Problem >> All of the records should be given back exactly and in full.

Dataset entries >>
----

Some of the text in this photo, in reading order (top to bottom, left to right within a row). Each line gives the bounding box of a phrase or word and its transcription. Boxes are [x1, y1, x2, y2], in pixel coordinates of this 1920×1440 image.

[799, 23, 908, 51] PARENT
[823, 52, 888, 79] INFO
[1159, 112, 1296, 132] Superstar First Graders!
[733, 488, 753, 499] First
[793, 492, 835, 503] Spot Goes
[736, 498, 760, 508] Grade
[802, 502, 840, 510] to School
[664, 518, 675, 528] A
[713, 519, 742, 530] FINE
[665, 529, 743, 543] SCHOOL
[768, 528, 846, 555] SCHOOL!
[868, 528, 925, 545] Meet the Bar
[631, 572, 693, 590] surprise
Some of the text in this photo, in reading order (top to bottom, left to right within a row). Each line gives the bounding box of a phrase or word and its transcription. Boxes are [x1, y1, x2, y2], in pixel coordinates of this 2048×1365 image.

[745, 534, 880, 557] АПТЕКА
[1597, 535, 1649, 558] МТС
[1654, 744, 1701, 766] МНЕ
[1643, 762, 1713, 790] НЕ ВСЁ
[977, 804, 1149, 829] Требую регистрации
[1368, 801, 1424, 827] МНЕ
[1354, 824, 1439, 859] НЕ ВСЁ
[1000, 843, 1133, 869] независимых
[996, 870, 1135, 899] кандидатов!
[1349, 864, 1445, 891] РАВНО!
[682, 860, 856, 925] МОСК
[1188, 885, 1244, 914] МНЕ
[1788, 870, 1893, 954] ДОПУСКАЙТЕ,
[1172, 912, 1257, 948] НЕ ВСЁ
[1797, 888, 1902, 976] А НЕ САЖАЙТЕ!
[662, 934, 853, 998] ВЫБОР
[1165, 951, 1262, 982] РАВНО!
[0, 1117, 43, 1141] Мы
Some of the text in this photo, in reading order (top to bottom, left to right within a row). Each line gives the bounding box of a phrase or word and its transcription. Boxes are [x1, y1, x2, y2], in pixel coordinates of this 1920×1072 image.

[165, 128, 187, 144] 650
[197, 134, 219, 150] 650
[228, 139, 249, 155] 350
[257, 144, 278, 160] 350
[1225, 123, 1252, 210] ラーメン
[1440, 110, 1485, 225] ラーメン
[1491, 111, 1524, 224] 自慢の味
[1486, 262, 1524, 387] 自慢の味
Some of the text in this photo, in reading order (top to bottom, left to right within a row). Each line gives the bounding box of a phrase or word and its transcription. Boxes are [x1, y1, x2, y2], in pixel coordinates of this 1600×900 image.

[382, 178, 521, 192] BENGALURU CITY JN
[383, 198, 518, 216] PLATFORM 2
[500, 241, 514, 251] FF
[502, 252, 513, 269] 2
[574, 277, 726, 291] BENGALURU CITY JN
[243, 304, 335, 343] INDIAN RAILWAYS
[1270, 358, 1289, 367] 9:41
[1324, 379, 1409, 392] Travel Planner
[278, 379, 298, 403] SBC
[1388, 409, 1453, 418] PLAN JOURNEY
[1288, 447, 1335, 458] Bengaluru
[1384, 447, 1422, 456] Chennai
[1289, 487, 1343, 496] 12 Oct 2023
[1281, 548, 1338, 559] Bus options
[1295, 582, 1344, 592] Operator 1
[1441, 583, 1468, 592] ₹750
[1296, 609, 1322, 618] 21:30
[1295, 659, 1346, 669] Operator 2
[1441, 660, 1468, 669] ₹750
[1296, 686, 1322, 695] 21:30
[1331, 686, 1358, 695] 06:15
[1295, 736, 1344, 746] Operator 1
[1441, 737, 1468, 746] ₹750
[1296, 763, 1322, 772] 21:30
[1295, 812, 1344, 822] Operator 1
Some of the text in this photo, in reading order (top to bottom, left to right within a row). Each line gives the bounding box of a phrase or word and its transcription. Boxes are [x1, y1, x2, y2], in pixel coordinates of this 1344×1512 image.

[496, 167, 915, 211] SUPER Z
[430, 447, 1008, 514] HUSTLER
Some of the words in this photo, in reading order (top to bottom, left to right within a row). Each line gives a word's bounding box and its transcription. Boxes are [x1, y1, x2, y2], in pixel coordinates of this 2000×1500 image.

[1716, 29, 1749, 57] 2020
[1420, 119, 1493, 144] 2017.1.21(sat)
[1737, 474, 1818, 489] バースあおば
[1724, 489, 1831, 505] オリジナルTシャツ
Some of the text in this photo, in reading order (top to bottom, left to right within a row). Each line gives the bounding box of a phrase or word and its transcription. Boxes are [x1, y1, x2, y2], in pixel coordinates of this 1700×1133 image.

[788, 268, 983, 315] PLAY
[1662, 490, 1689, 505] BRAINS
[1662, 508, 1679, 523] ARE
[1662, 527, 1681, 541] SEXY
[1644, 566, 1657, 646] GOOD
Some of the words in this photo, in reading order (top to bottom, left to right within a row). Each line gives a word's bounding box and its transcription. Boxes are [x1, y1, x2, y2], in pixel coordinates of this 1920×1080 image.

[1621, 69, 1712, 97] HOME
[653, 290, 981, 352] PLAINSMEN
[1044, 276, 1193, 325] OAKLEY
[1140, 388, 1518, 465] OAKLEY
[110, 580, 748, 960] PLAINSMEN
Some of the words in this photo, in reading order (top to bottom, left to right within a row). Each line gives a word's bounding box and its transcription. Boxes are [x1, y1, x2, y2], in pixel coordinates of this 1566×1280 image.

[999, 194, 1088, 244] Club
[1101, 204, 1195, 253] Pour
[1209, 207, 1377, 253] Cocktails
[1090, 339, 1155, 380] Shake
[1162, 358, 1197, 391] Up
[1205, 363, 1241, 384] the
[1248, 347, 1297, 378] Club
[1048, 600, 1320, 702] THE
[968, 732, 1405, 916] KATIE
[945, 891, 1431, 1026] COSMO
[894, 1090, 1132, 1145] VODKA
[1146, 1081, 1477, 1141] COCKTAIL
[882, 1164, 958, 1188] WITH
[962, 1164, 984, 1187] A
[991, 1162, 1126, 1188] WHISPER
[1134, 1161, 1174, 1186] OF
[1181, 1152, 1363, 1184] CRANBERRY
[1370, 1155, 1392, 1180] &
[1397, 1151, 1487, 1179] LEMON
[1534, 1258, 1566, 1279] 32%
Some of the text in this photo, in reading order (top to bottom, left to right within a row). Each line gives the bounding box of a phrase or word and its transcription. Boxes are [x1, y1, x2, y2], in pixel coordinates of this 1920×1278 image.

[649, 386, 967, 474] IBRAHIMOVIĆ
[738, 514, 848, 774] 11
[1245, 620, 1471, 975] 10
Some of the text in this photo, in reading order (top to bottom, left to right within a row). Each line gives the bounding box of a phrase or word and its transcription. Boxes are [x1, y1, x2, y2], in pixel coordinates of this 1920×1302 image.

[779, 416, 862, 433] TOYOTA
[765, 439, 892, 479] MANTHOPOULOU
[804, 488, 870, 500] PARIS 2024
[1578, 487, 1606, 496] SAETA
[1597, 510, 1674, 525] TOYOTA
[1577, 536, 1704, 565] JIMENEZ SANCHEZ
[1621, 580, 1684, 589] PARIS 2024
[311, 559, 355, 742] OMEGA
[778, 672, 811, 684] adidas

----

Result below >>
Some of the text in this photo, in reading order (top to bottom, left to right within a row). Each line gives the bounding box of a phrase or word and its transcription. Boxes are [x1, y1, x2, y2], in pixel coordinates of this 1920×1440 image.

[799, 23, 908, 51] PARENT
[823, 52, 888, 79] INFO
[1159, 112, 1296, 132] Superstar First Graders!
[733, 488, 753, 499] First
[793, 492, 835, 503] Spot Goes
[736, 498, 760, 508] Grade
[802, 502, 840, 510] to School
[664, 518, 675, 528] A
[713, 519, 742, 530] FINE
[665, 529, 743, 543] SCHOOL
[768, 528, 846, 555] SCHOOL!
[868, 528, 925, 545] Meet the Bar
[631, 572, 693, 590] surprise
Some of the text in this photo, in reading order (top to bottom, left to right within a row). Each line gives the bounding box of a phrase or word and its transcription. Boxes are [x1, y1, x2, y2], in pixel coordinates of this 2048×1365 image.

[745, 534, 880, 557] АПТЕКА
[1597, 535, 1649, 558] МТС
[1654, 744, 1701, 766] МНЕ
[1643, 762, 1713, 790] НЕ ВСЁ
[977, 804, 1149, 829] Требую регистрации
[1368, 801, 1424, 827] МНЕ
[1354, 824, 1439, 859] НЕ ВСЁ
[1000, 843, 1133, 869] независимых
[996, 870, 1135, 899] кандидатов!
[1349, 864, 1445, 891] РАВНО!
[682, 860, 856, 925] МОСК
[1188, 885, 1244, 914] МНЕ
[1788, 870, 1893, 954] ДОПУСКАЙТЕ,
[1172, 912, 1257, 948] НЕ ВСЁ
[1797, 888, 1902, 976] А НЕ САЖАЙТЕ!
[662, 934, 853, 998] ВЫБОР
[1165, 951, 1262, 982] РАВНО!
[0, 1117, 43, 1141] Мы
Some of the text in this photo, in reading order (top to bottom, left to right within a row). Each line gives the bounding box of a phrase or word and its transcription. Boxes are [x1, y1, x2, y2], in pixel coordinates of this 1920×1072 image.

[165, 128, 187, 144] 650
[197, 134, 219, 150] 650
[228, 139, 249, 155] 350
[257, 144, 278, 160] 350
[1225, 123, 1252, 210] ラーメン
[1440, 110, 1485, 225] ラーメン
[1491, 111, 1524, 224] 自慢の味
[1486, 262, 1524, 387] 自慢の味
Some of the text in this photo, in reading order (top to bottom, left to right within a row). Each line gives the bounding box of a phrase or word and its transcription. Boxes are [x1, y1, x2, y2], in pixel coordinates of this 1600×900 image.

[382, 178, 521, 192] BENGALURU CITY JN
[383, 198, 518, 216] PLATFORM 2
[500, 241, 514, 251] FF
[502, 252, 513, 269] 2
[574, 277, 726, 291] BENGALURU CITY JN
[243, 304, 335, 343] INDIAN RAILWAYS
[1270, 358, 1289, 367] 9:41
[1324, 379, 1409, 392] Travel Planner
[278, 379, 298, 403] SBC
[1388, 409, 1453, 418] PLAN JOURNEY
[1288, 447, 1335, 458] Bengaluru
[1384, 447, 1422, 456] Chennai
[1289, 487, 1343, 496] 12 Oct 2023
[1281, 548, 1338, 559] Bus options
[1295, 582, 1344, 592] Operator 1
[1441, 583, 1468, 592] ₹750
[1296, 609, 1322, 618] 21:30
[1295, 659, 1346, 669] Operator 2
[1441, 660, 1468, 669] ₹750
[1296, 686, 1322, 695] 21:30
[1331, 686, 1358, 695] 06:15
[1295, 736, 1344, 746] Operator 1
[1441, 737, 1468, 746] ₹750
[1296, 763, 1322, 772] 21:30
[1295, 812, 1344, 822] Operator 1
Some of the text in this photo, in reading order (top to bottom, left to right within a row). Each line gives the bounding box of a phrase or word and its transcription. Boxes are [x1, y1, x2, y2], in pixel coordinates of this 1344×1512 image.

[496, 167, 915, 211] SUPER Z
[430, 447, 1008, 514] HUSTLER
Some of the words in this photo, in reading order (top to bottom, left to right within a row). Each line gives a word's bounding box and its transcription. Boxes are [x1, y1, x2, y2], in pixel coordinates of this 2000×1500 image.

[1716, 29, 1749, 57] 2020
[1420, 119, 1493, 144] 2017.1.21(sat)
[1737, 474, 1818, 489] バースあおば
[1724, 489, 1831, 505] オリジナルTシャツ
Some of the text in this photo, in reading order (top to bottom, left to right within a row). Each line gives the bounding box of a phrase or word and its transcription. Boxes are [x1, y1, x2, y2], in pixel coordinates of this 1700×1133 image.

[788, 268, 983, 315] PLAY
[1662, 490, 1689, 505] BRAINS
[1662, 508, 1679, 523] ARE
[1662, 527, 1681, 541] SEXY
[1644, 566, 1657, 646] GOOD
Some of the words in this photo, in reading order (top to bottom, left to right within a row). Each line gives a word's bounding box and its transcription. Boxes are [x1, y1, x2, y2], in pixel coordinates of this 1920×1080 image.

[1621, 69, 1712, 97] HOME
[653, 290, 981, 352] PLAINSMEN
[1044, 276, 1193, 325] OAKLEY
[1140, 388, 1518, 465] OAKLEY
[110, 580, 748, 960] PLAINSMEN
Some of the words in this photo, in reading order (top to bottom, left to right within a row). Each line gives a word's bounding box and its transcription. Boxes are [x1, y1, x2, y2], in pixel coordinates of this 1566×1280 image.

[999, 194, 1088, 244] Club
[1101, 204, 1195, 253] Pour
[1209, 207, 1377, 253] Cocktails
[1090, 339, 1155, 380] Shake
[1162, 358, 1197, 391] Up
[1205, 363, 1241, 384] the
[1248, 347, 1297, 378] Club
[1048, 600, 1320, 702] THE
[968, 732, 1405, 916] KATIE
[945, 891, 1431, 1026] COSMO
[894, 1090, 1132, 1145] VODKA
[1146, 1081, 1477, 1141] COCKTAIL
[882, 1164, 958, 1188] WITH
[962, 1164, 984, 1187] A
[991, 1162, 1126, 1188] WHISPER
[1134, 1161, 1174, 1186] OF
[1181, 1152, 1363, 1184] CRANBERRY
[1370, 1155, 1392, 1180] &
[1397, 1151, 1487, 1179] LEMON
[1534, 1258, 1566, 1279] 32%
Some of the text in this photo, in reading order (top to bottom, left to right within a row). Each line gives the bounding box of a phrase or word and its transcription. Boxes are [x1, y1, x2, y2], in pixel coordinates of this 1920×1278 image.

[649, 386, 967, 474] IBRAHIMOVIĆ
[738, 514, 848, 774] 11
[1245, 620, 1471, 975] 10
Some of the text in this photo, in reading order (top to bottom, left to right within a row). Each line gives the bounding box of a phrase or word and its transcription. Boxes are [x1, y1, x2, y2], in pixel coordinates of this 1920×1302 image.

[779, 416, 862, 433] TOYOTA
[765, 439, 892, 479] MANTHOPOULOU
[804, 488, 870, 500] PARIS 2024
[1578, 487, 1606, 496] SAETA
[1597, 510, 1674, 525] TOYOTA
[1577, 536, 1704, 565] JIMENEZ SANCHEZ
[1621, 580, 1684, 589] PARIS 2024
[311, 559, 355, 742] OMEGA
[778, 672, 811, 684] adidas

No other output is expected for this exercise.